La technologie dans le sport : attention au revers de la médaille

Le sportif du dimanche comme l’athlète professionnel apprécient les bénéfices de la technologie dans leur équipement. Sécurité, confort, performance… rien n’est épargné pour que l’expérience sportive soit concluante, voire s’achève sur une victoire (bien méritée) en compétition. Quels sont les apports de la technologie? Quels sont les dérapages possibles?

 

À chaque discipline son innovation technologique
En favorisant l’émergence des matériaux synthétiques au détriment des matières naturelles, les innovations technologiques permettent de créer des équipements plus légers et résistants, limitant ainsi le risque de blessures. Sur le plan vestimentaire, le sportif peut désormais rester au sec, même après d’intenses efforts, grâce à l’intervention des nanotechnologies sur les fibres textiles. Quant aux athlètes à mobilité réduite, ils peuvent désormais bénéficier de fauteuils roulants positionnels ou de prothèses « jetables » afin de s’adonner à leur sport préféré. Ainsi, la technologie ne cesse de repousser les limites comme en témoignent les chaussures de course qui emmagasinent et restituent l’énergie, les selles de course connectée ou encore les masques d’escrime transparents qui ne se couvrent pas de buée.

 

La vidéo au service des professionnels
Rien ne peut arrêter un athlète dans la recherche d’un titre, d’une médaille, d’un trophée.
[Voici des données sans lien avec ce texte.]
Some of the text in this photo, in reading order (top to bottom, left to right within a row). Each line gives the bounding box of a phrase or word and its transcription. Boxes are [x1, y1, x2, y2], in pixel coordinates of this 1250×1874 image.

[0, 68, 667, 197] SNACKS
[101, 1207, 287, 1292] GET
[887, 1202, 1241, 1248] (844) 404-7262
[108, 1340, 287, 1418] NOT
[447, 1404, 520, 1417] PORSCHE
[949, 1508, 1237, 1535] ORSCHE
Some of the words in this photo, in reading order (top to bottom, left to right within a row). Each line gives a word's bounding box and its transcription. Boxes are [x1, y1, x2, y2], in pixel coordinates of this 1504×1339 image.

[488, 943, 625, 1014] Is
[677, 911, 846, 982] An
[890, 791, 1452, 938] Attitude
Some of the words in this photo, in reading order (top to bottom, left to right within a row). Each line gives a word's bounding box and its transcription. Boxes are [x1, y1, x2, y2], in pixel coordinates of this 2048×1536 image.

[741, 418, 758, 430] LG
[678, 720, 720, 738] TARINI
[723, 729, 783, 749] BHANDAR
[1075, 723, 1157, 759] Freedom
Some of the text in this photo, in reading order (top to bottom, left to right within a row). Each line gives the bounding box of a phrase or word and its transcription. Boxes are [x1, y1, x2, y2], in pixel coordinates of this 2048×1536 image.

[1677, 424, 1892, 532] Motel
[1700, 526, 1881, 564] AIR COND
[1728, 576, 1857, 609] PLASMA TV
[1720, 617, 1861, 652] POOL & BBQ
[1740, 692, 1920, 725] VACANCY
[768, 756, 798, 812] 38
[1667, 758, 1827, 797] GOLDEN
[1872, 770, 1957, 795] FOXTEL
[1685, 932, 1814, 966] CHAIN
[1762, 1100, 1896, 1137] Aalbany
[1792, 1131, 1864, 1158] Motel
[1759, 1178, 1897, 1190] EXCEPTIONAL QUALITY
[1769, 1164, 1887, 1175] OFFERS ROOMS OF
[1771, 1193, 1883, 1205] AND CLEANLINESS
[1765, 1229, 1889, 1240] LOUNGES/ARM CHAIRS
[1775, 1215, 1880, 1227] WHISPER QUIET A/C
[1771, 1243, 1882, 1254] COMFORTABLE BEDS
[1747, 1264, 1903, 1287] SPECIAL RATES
Afin de se rendre sur le podium, l’athlète va aussi prêter attention à la qualité de ses entraînements. Et, c’est là que la vidéo entre en jeu : grâce aux avancées technologiques, elle permettra au sportif de décomposer son geste image par image et de déceler des positions invisibles à l’œil nu et ainsi corriger son geste ou sa position afin d’améliorer sa performance. La vidéo est également de plus en plus présente dans l’arbitrage. C’est ainsi que l’arbitre d’un match de soccer de haut niveau compose désormais avec la technologie de la ligne de but et l’assistance vidéo (VAR) qui ne peut être utilisée que dans quatre cas précis (but, pénalité, carton rouge, erreur d’identité sur un joueur). Toutefois, cette avancée technologique en laisse perplexe plus d’un : le rythme des matchs se trouve ralenti et la décision finale revient malgré tout à l’arbitre.

 

Quand la technologie devient synonyme de dérive
La question de la technologie dans les compétitions sportives est un sujet délicat. Comment respecter l’équité entre les concurrents? Comment ne pas tomber dans le technodopage – terme créé aux JO de 2008 lorsqu’ Oscar Pistorius a été éliminé après que des experts ont estimé que ses prothèses en carbone amélioraient sa vitesse de 15 à 30 % sur ses concurrents valides? Il est légitime de se demander si ce sont les performances seules de l’athlète qui lui permettent de surclasser ses concurrents ou tout simplement son équipement sophistiqué à la pointe de la technologie. Qui a eu le plus de mérite aux Championnats du monde à Rome en 2009 aux 100 mètres papillon : celui doté d’une combinaison en polyuréthane (qui a mis 15 min à l’enfiler) ou celui qui a réalisé un très beau parcours en simple maillot? Pour éviter ce travers, certaines fédérations interviennent, à l’image de la Fédération internationale des sociétés d’aviron qui a décidé de limiter cette « course à l’armement » afin de veiller à ce que la technologie ne supplante ni les efforts ni la motivation de l’athlète à parvenir à se prouver, voire à se dépasser.

 

Comme toujours, la technologie est bénéfique à bien des égards, y compris dans le sport. Toutefois, utilisée à l’extrême, la technologie ne nécessiterait-elle pas d’être encadrée afin que la pratique du sport au niveau professionnel reste un modèle pour le sportif amateur?